[Records supplied Boundary: Start]

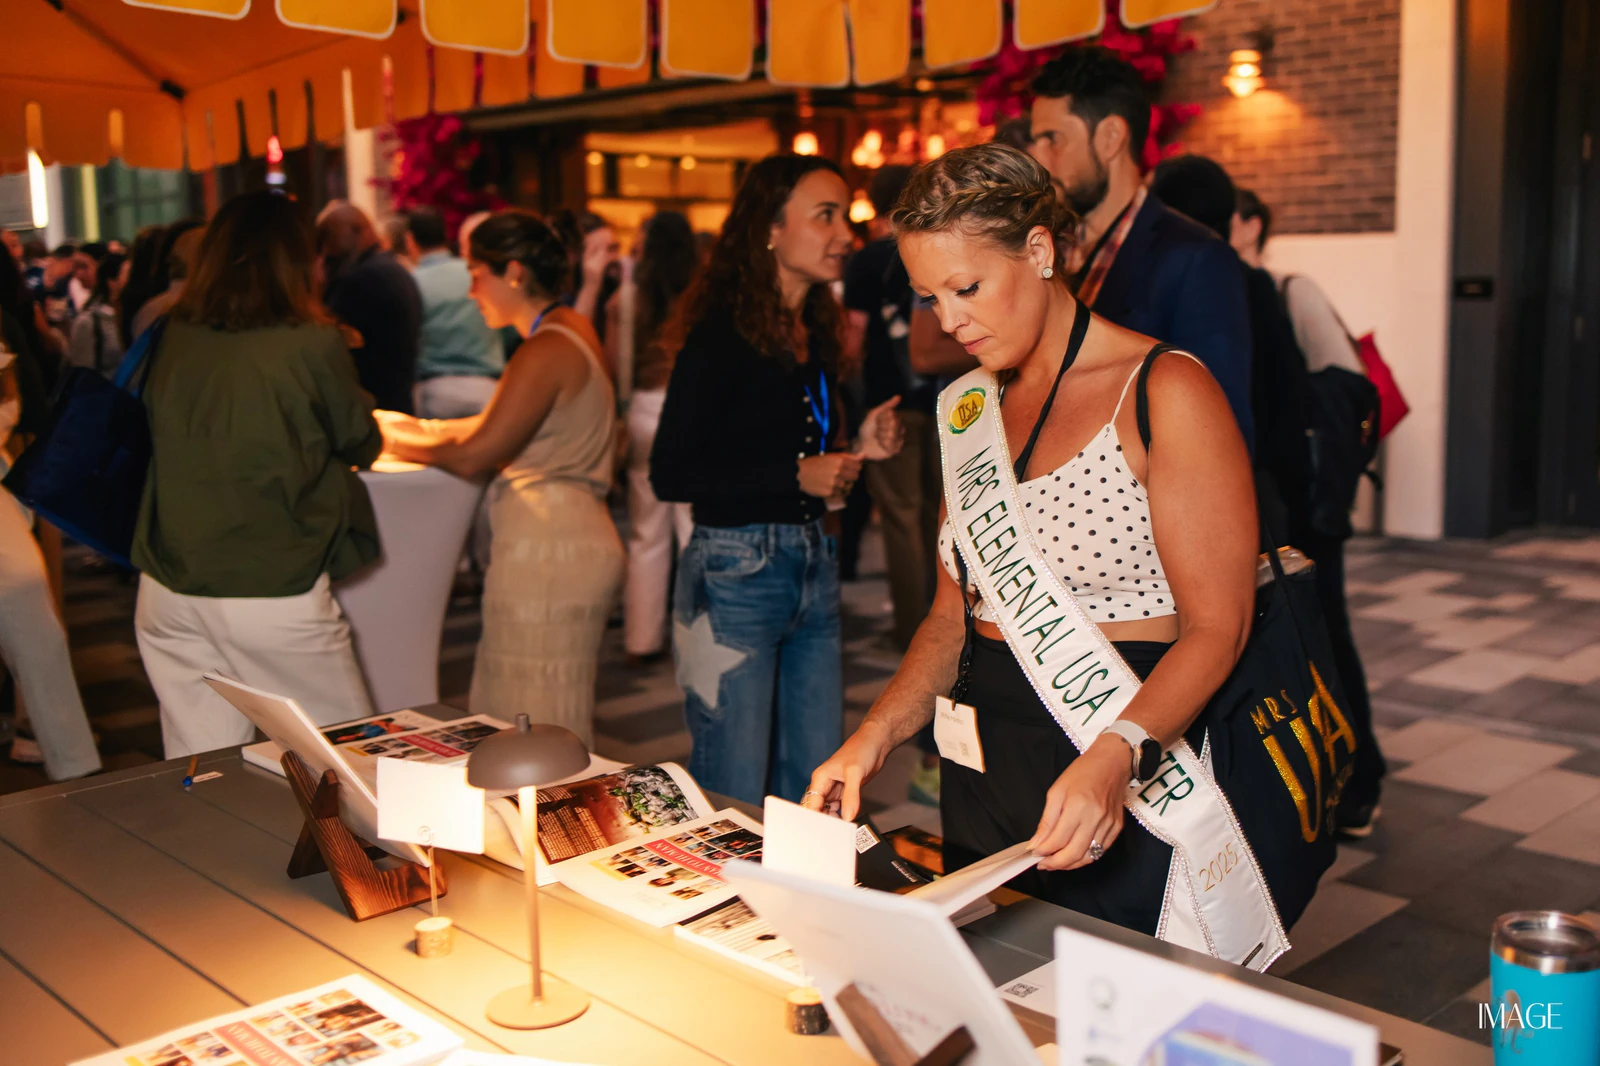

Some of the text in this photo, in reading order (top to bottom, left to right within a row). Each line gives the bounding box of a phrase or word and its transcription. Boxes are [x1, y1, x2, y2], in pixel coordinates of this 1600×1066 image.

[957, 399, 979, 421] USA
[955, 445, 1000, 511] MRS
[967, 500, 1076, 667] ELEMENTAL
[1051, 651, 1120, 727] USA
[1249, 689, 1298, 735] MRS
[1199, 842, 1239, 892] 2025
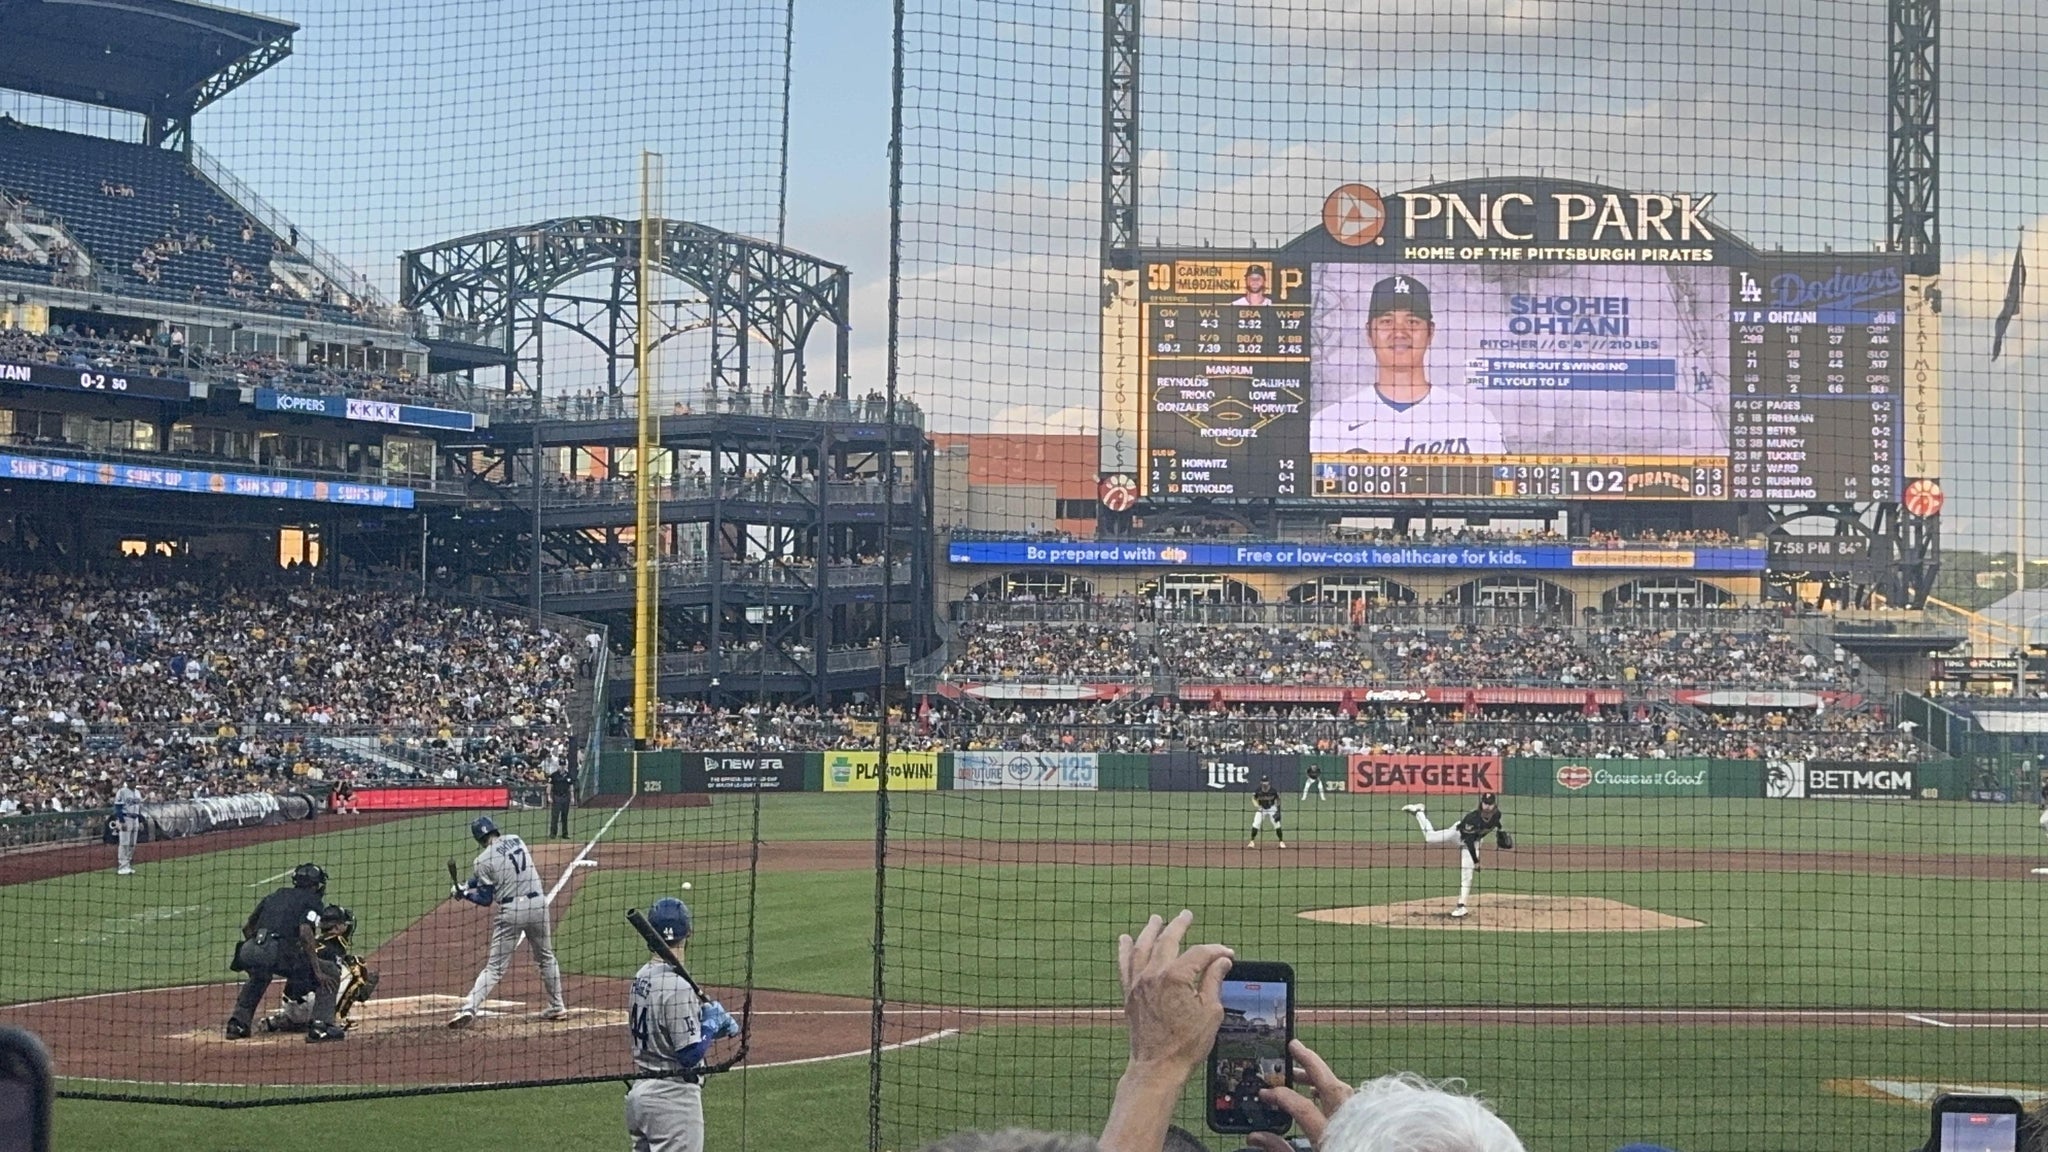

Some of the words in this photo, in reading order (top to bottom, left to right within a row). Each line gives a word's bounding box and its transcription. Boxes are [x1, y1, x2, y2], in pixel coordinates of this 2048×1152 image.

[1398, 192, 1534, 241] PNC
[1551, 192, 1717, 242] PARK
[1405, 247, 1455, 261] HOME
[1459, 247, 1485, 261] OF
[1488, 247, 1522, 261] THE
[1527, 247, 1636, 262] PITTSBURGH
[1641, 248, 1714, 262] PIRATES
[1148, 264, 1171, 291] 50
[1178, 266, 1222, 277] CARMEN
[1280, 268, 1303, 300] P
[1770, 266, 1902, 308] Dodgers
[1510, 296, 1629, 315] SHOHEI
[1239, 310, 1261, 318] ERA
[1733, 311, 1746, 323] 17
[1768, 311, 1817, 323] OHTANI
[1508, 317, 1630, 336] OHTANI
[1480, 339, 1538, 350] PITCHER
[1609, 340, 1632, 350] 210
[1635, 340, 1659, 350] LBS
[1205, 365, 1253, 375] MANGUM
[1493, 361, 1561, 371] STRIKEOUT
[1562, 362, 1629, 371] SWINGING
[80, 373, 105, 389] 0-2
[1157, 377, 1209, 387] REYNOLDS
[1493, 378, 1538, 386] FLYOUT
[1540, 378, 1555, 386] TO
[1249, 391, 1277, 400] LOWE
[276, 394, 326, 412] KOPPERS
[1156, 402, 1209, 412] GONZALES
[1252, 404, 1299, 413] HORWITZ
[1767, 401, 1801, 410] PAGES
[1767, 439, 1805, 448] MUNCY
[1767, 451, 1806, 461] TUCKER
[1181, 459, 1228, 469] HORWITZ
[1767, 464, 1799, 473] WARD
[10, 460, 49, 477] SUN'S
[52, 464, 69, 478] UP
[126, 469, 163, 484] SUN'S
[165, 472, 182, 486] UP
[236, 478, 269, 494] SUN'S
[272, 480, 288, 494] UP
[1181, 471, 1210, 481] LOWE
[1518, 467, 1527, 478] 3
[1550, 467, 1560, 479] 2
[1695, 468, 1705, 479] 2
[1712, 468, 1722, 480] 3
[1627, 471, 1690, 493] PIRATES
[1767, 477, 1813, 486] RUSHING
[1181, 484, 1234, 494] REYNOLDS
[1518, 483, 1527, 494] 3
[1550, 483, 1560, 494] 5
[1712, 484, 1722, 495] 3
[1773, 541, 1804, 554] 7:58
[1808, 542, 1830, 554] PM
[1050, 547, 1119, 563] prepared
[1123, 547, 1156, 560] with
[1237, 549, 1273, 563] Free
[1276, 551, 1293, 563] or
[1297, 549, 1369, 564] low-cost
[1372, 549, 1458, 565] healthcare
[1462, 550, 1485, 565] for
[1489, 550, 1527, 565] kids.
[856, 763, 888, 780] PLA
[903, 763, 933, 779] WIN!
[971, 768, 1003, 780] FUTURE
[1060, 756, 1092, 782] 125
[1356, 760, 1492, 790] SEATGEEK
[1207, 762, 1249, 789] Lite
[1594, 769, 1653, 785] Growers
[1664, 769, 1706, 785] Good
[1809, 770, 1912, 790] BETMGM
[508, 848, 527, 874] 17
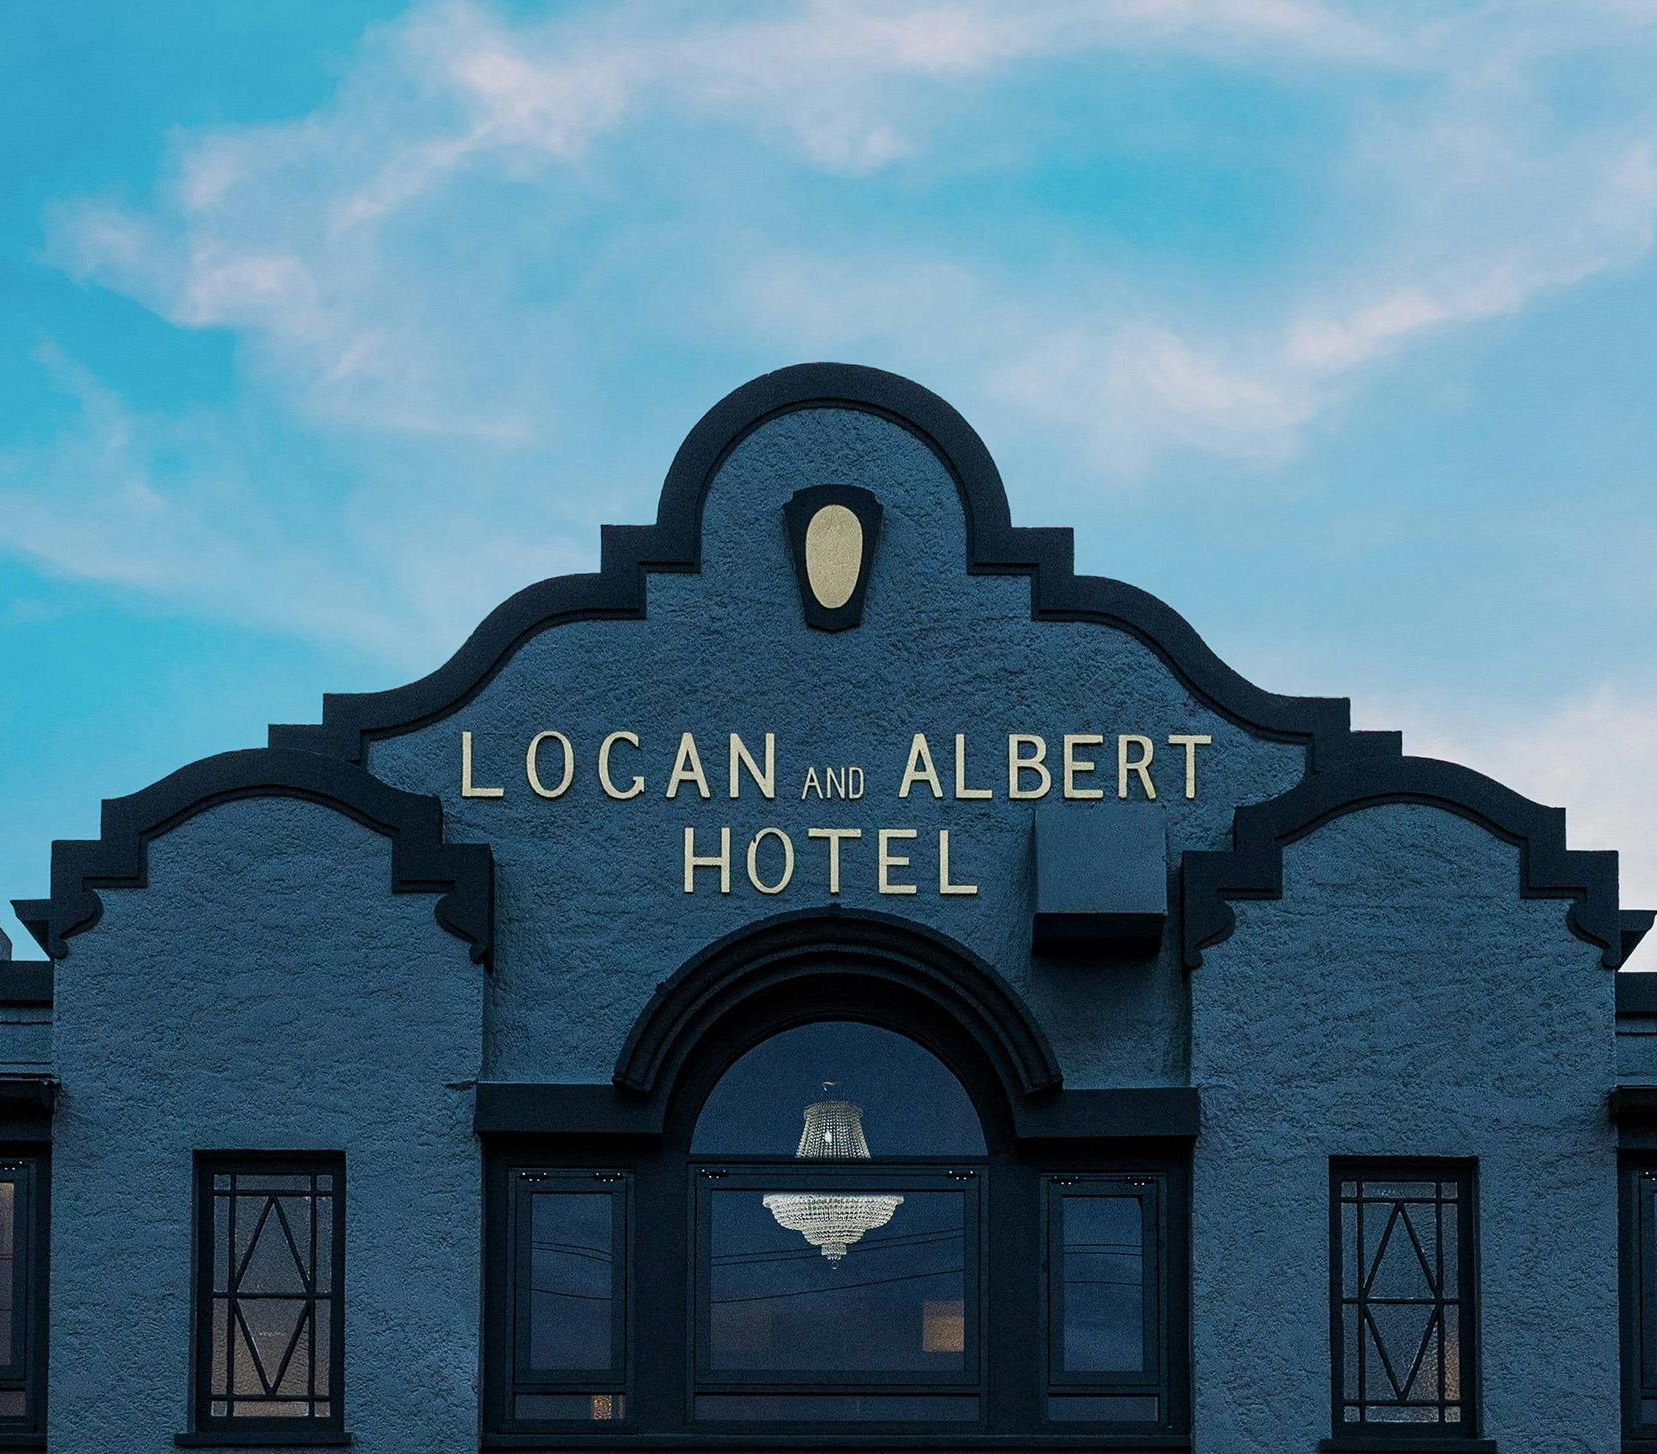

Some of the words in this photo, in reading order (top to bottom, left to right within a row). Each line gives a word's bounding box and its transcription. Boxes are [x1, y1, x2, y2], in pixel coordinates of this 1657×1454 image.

[Records supplied Boundary: End]

--- Your goal ---
The records above need to be given again exactly. Omit the pictures.

--- Your solution ---
Some of the text in this photo, in reading order (top to bottom, left to right within a row). Each line gives the bounding box of a phrase or word and its transcription. Boxes are [x1, y1, x2, y2], in pixel coordinates of this 1600×1066 image.

[957, 399, 979, 421] USA
[955, 445, 1000, 511] MRS
[967, 500, 1076, 667] ELEMENTAL
[1051, 651, 1120, 727] USA
[1249, 689, 1298, 735] MRS
[1199, 842, 1239, 892] 2025

Some of the words in this photo, in reading order (top to bottom, left to right within a row). Each line gives a word's bounding box and its transcription. Boxes are [x1, y1, x2, y2], in pixel coordinates of this 2048×1152 image.

[1398, 192, 1534, 241] PNC
[1551, 192, 1717, 242] PARK
[1405, 247, 1455, 261] HOME
[1459, 247, 1485, 261] OF
[1488, 247, 1522, 261] THE
[1527, 247, 1636, 262] PITTSBURGH
[1641, 248, 1714, 262] PIRATES
[1148, 264, 1171, 291] 50
[1178, 266, 1222, 277] CARMEN
[1280, 268, 1303, 300] P
[1770, 266, 1902, 308] Dodgers
[1510, 296, 1629, 315] SHOHEI
[1239, 310, 1261, 318] ERA
[1733, 311, 1746, 323] 17
[1768, 311, 1817, 323] OHTANI
[1508, 317, 1630, 336] OHTANI
[1480, 339, 1538, 350] PITCHER
[1609, 340, 1632, 350] 210
[1635, 340, 1659, 350] LBS
[1205, 365, 1253, 375] MANGUM
[1493, 361, 1561, 371] STRIKEOUT
[1562, 362, 1629, 371] SWINGING
[80, 373, 105, 389] 0-2
[1157, 377, 1209, 387] REYNOLDS
[1493, 378, 1538, 386] FLYOUT
[1540, 378, 1555, 386] TO
[1249, 391, 1277, 400] LOWE
[276, 394, 326, 412] KOPPERS
[1156, 402, 1209, 412] GONZALES
[1252, 404, 1299, 413] HORWITZ
[1767, 401, 1801, 410] PAGES
[1767, 439, 1805, 448] MUNCY
[1767, 451, 1806, 461] TUCKER
[1181, 459, 1228, 469] HORWITZ
[1767, 464, 1799, 473] WARD
[10, 460, 49, 477] SUN'S
[52, 464, 69, 478] UP
[126, 469, 163, 484] SUN'S
[165, 472, 182, 486] UP
[236, 478, 269, 494] SUN'S
[272, 480, 288, 494] UP
[1181, 471, 1210, 481] LOWE
[1518, 467, 1527, 478] 3
[1550, 467, 1560, 479] 2
[1695, 468, 1705, 479] 2
[1712, 468, 1722, 480] 3
[1627, 471, 1690, 493] PIRATES
[1767, 477, 1813, 486] RUSHING
[1181, 484, 1234, 494] REYNOLDS
[1518, 483, 1527, 494] 3
[1550, 483, 1560, 494] 5
[1712, 484, 1722, 495] 3
[1773, 541, 1804, 554] 7:58
[1808, 542, 1830, 554] PM
[1050, 547, 1119, 563] prepared
[1123, 547, 1156, 560] with
[1237, 549, 1273, 563] Free
[1276, 551, 1293, 563] or
[1297, 549, 1369, 564] low-cost
[1372, 549, 1458, 565] healthcare
[1462, 550, 1485, 565] for
[1489, 550, 1527, 565] kids.
[856, 763, 888, 780] PLA
[903, 763, 933, 779] WIN!
[971, 768, 1003, 780] FUTURE
[1060, 756, 1092, 782] 125
[1356, 760, 1492, 790] SEATGEEK
[1207, 762, 1249, 789] Lite
[1594, 769, 1653, 785] Growers
[1664, 769, 1706, 785] Good
[1809, 770, 1912, 790] BETMGM
[508, 848, 527, 874] 17

Some of the words in this photo, in reading order (top to bottom, left to right within a row). Each line gives a word's bounding box and its transcription. Boxes are [x1, y1, x2, y2], in pixel coordinates of this 1657×1454 image.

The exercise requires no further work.